Spatial localization data:
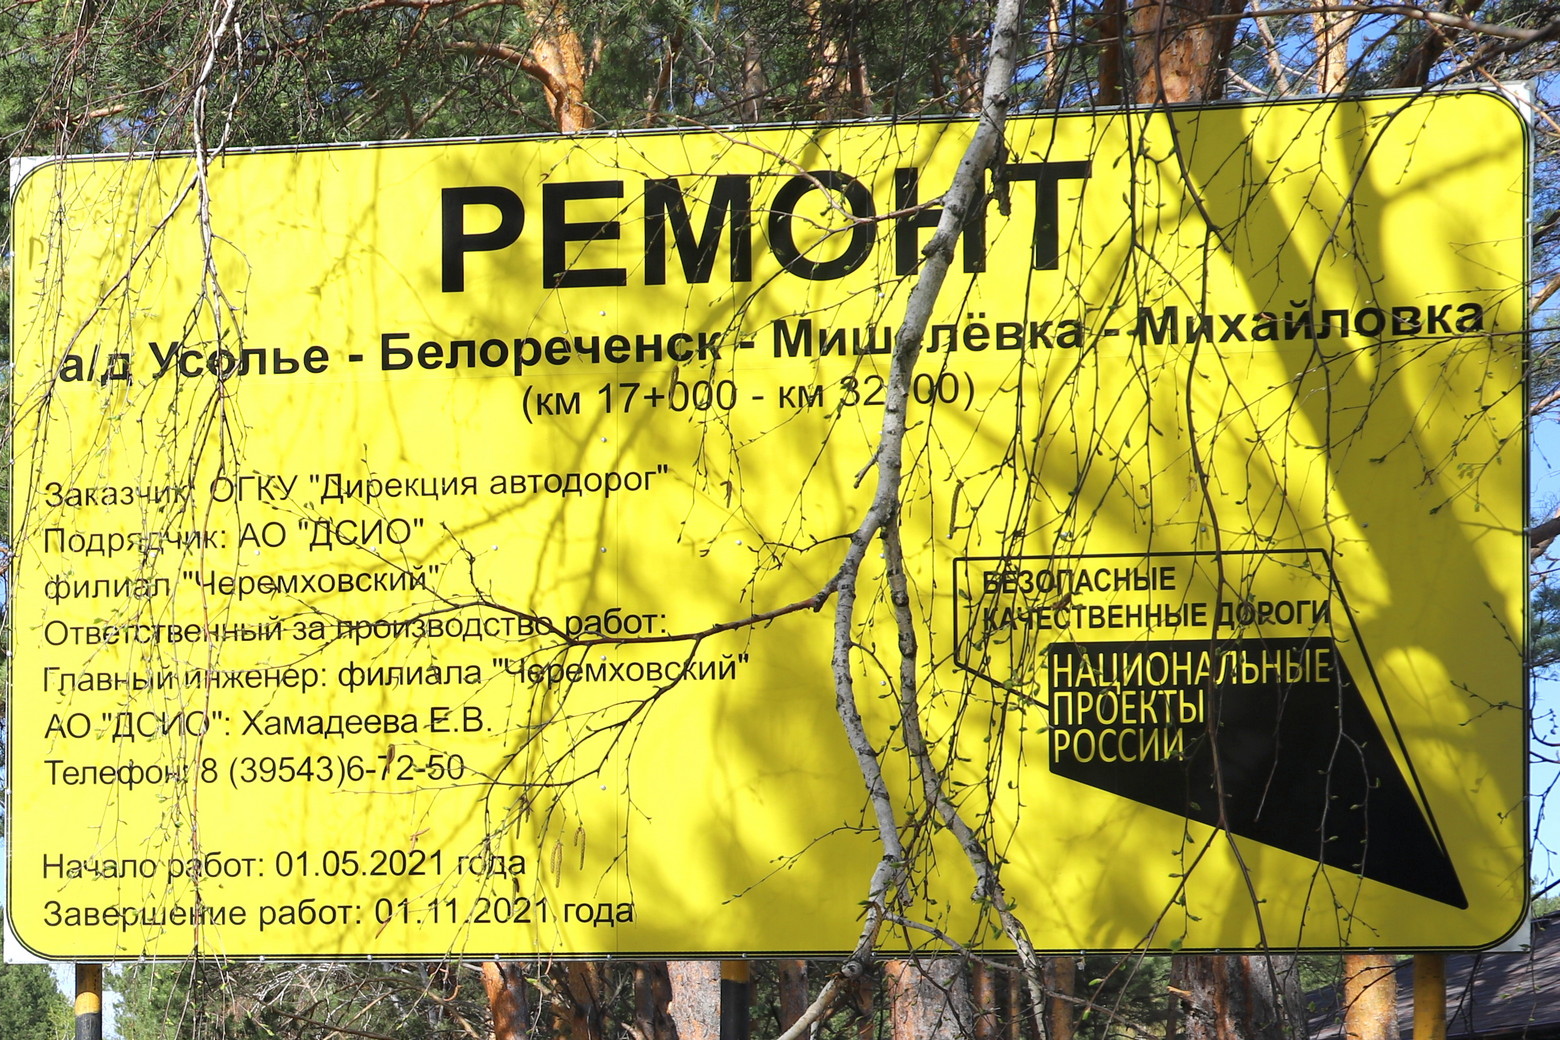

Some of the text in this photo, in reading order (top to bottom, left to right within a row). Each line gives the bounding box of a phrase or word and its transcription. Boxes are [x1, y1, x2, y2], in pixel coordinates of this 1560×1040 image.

[441, 160, 1092, 293] РЕМОНТ
[59, 343, 133, 387] а/д
[148, 341, 329, 380] Усолье
[381, 331, 722, 376] Белореченск
[773, 311, 1083, 358] Мишлёвка
[1138, 300, 1485, 347] Михайловка
[522, 385, 580, 424] (км
[598, 379, 737, 414] 17+000
[779, 385, 824, 409] км
[839, 371, 975, 411] 3200)
[209, 474, 298, 503] ОГКУ
[309, 473, 478, 505] "Дирекция
[490, 464, 669, 498] автодорог"
[44, 518, 424, 558] Подрядчик: АО "ДСИО"
[44, 564, 440, 606] филиал "Черемховский"
[982, 565, 1176, 595] БЕЗОПАСНЫЕ
[44, 607, 667, 646] Ответственный за производство работ:
[983, 599, 1330, 632] КАЧЕСТВЕННЫЕ ДОРОГИ
[43, 653, 749, 696] Главный инженер: филиала "Черемховский"
[1053, 647, 1331, 696] НАЦИОНАЛЬНЫЕ
[44, 705, 492, 743] АО "ДСИО": Хамадеева Е.В.
[1053, 688, 1205, 726] ПРОЕКТЫ
[1054, 727, 1184, 763] РОССИИ
[43, 753, 464, 791] Телефон: 8 (39543)6-72-50
[42, 849, 527, 884] Начало работ: 01.05.2021 года
[43, 896, 634, 933] Завершение работ: 01.11.2021 года
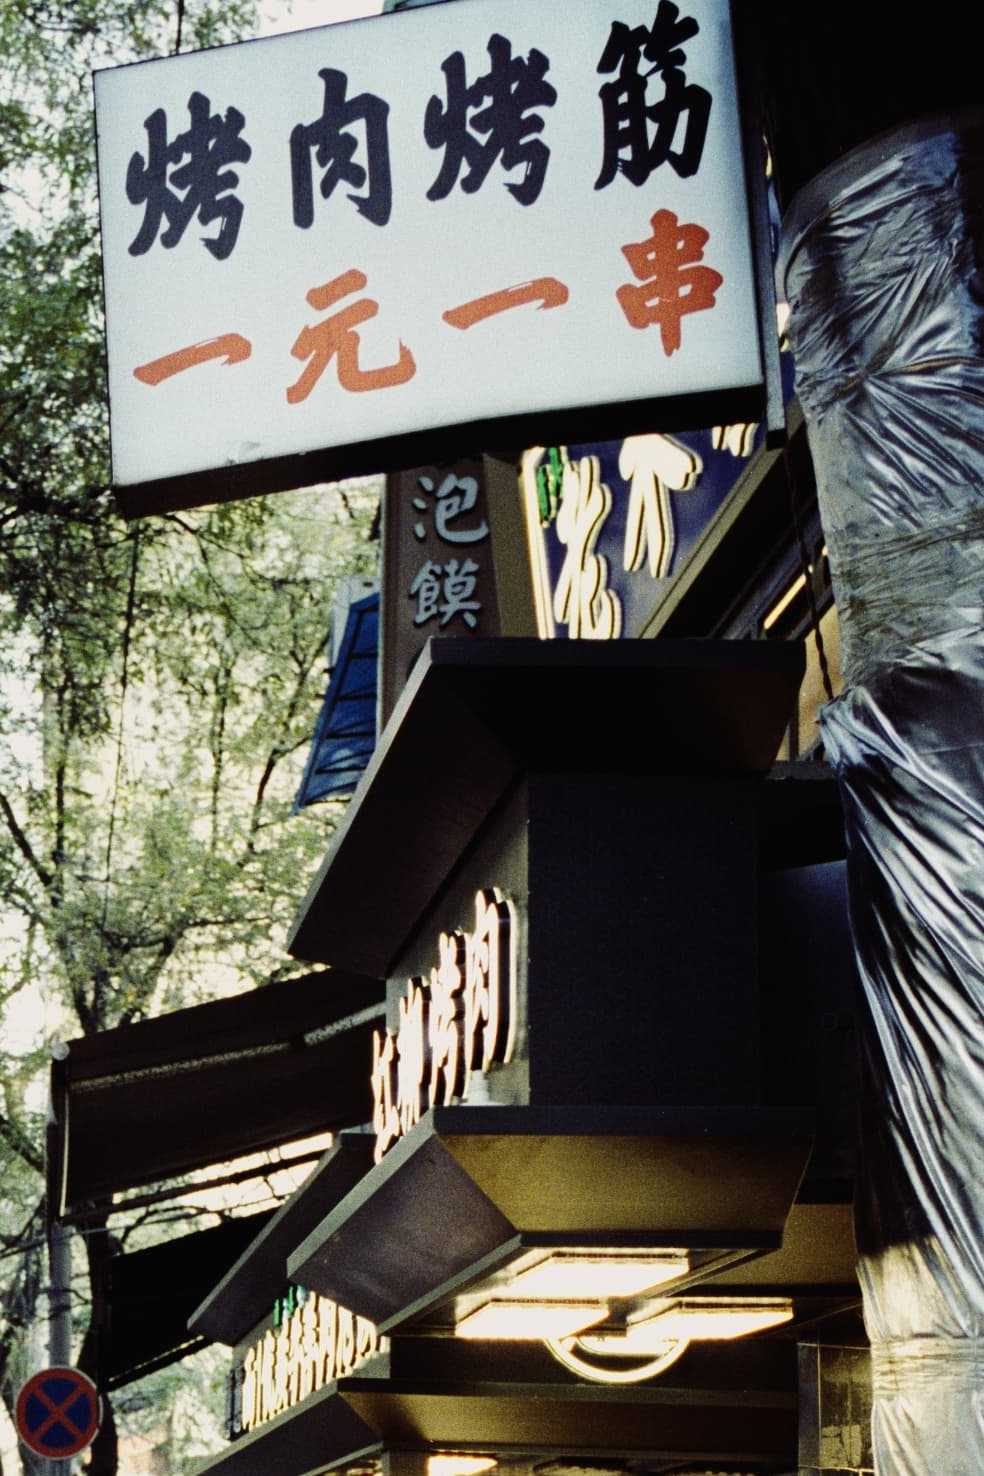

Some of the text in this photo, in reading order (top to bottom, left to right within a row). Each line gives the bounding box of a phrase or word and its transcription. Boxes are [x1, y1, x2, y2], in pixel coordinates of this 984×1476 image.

[126, 0, 713, 260] 烤肉烤筋
[133, 209, 724, 404] 一元一串

Required work:
Please repeat the lines above exactly, beginning with the line that contains "this 984×1476 image." and ending with the final one.

Output for this exercise:
Some of the text in this photo, in reading order (top to bottom, left to right within a row). Each line gives the bounding box of a phrase or word and its transcription. Boxes are [x1, y1, x2, y2], in pixel coordinates of this 984×1476 image.

[126, 0, 713, 260] 烤肉烤筋
[133, 209, 724, 404] 一元一串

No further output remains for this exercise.